Increased competition, lower margins, sales are variable; your website is just sitting there; it’s raining. What to do?

When you ask yourself those questions it is time to recheck the mix of the five ‘P’ ingredients Price, Product, Place, Promotion and People in your marketing recipe.

As with any recipe varying quantities of the principle ingredients will produce different results. It is the same with the marketing mix. The offer you make to your customer can be altered by varying the mix elements. For example, with a high profile brand you would increase the focus on ‘Promotion’ and desensitize the weight given to ‘Price’.

Admittedly it is not easy. There are vast arrays of circumstances dictating which elements of the marketing mix should be employed and in which proportion.
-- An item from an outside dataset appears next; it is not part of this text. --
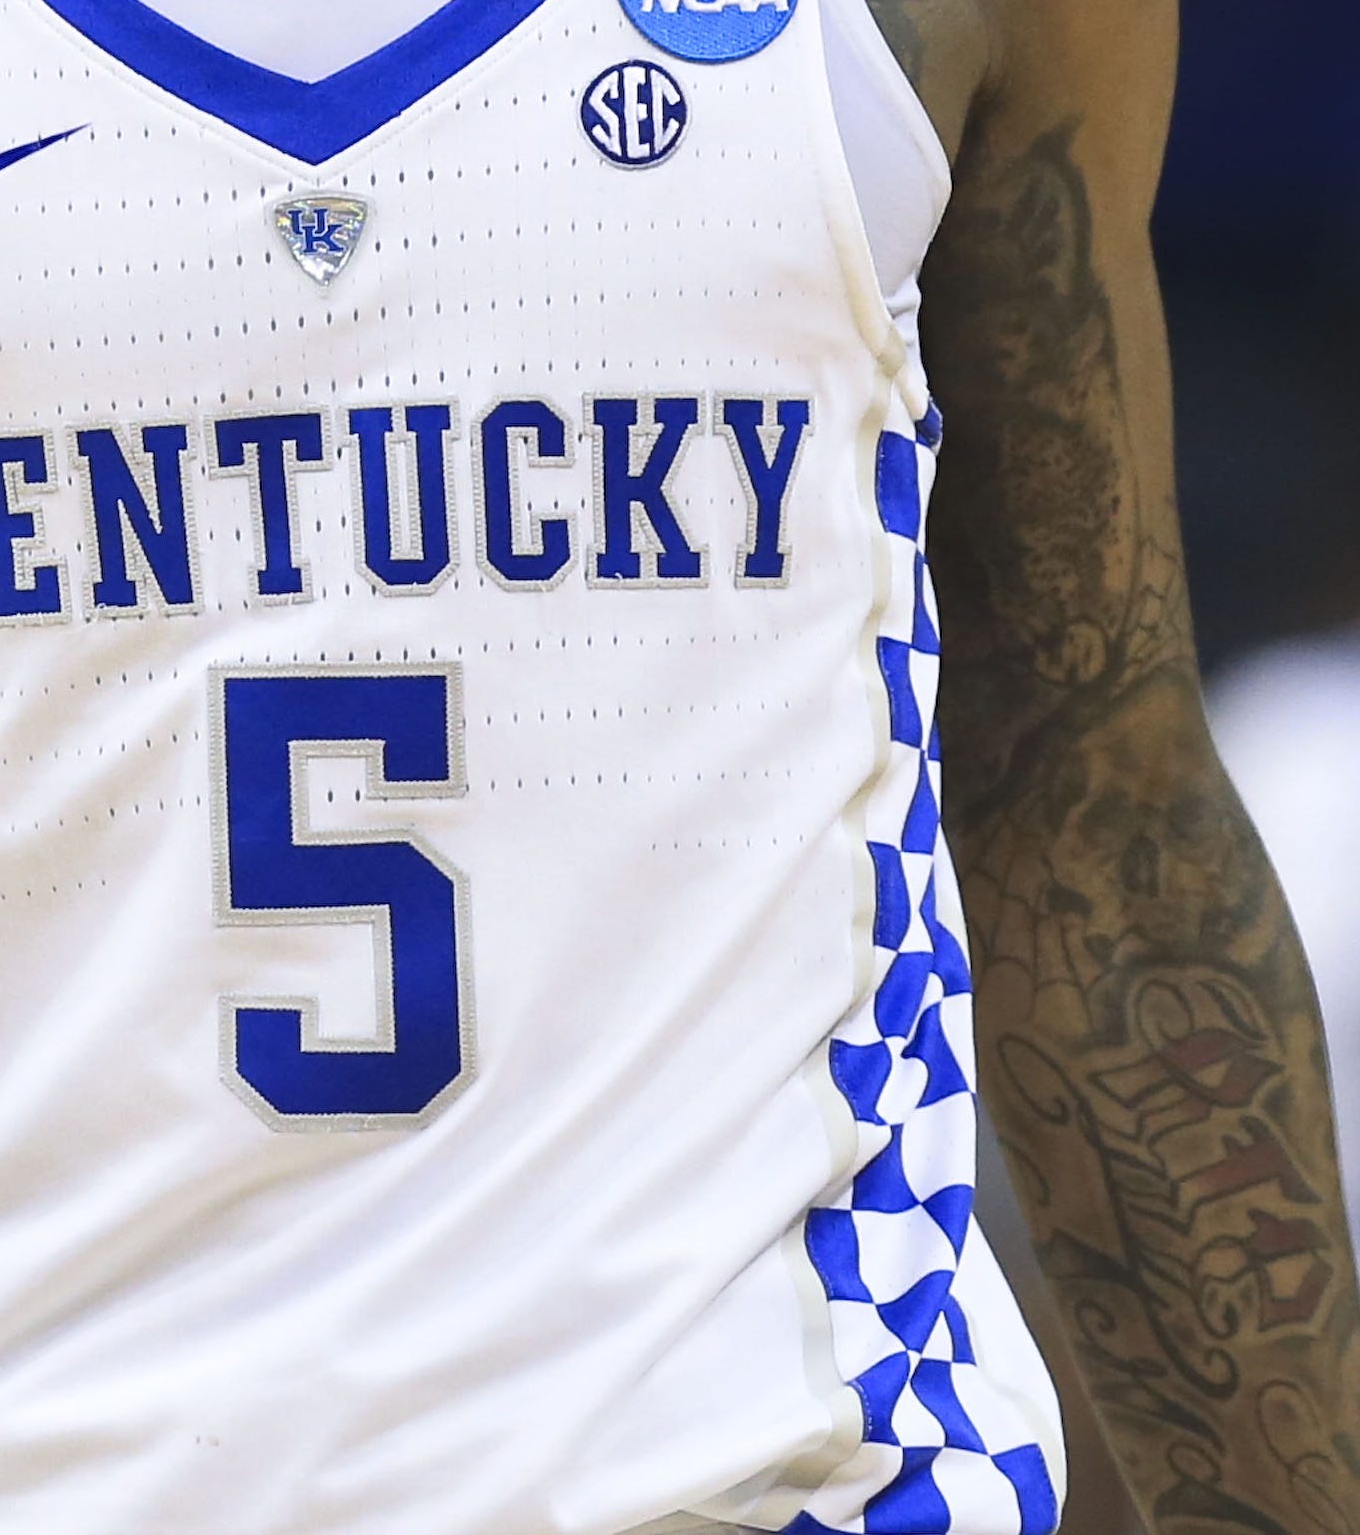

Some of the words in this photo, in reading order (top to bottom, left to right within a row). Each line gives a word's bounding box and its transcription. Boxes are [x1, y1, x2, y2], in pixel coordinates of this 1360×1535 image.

If you have put sufficient time into accurately defining your marketplace, your market segment, your product positioning, and your unique selling propositions then it becomes much easier to carry out this task.

It must be stressed that taking time to think through your marketing strategy forces you to take some very difficult decisions. The most difficult ones are those where you decide not to do certain things; such as deciding certain market sectors are not key factors to your company's success due to the difficulty in competing effectively. In other words, “If a product or service is not selling, why continue with it?”
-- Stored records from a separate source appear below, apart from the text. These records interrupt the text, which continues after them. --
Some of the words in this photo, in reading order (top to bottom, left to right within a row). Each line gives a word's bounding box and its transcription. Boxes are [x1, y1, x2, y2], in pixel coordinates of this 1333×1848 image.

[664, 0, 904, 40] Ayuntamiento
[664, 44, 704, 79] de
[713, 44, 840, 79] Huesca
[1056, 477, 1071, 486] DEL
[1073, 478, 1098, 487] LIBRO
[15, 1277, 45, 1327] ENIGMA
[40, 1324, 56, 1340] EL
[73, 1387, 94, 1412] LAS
The benefits of taking such decisions are that it really helps you to focus on a more limited and achievable set of objectives. It then becomes much clearer which elements of your marketing mix need to be used to yield profitable results from your marketing budget.

Companies who have not found their Web site to be successful need to understand that creating a Web site is not by itself an Internet marketing presence. If you intend to use the Internet in your recipe, ‘Promotion’ becomes a more complex ingredient.

With an Internet recipe, traditional media such as print, radio, television and direct mail can all be functionally integrated with your website. It should also be noted that a web site is not designed to be the only element of your marketing mix. Similarly, if only traditional media are used, there is an entire world market you may be missing.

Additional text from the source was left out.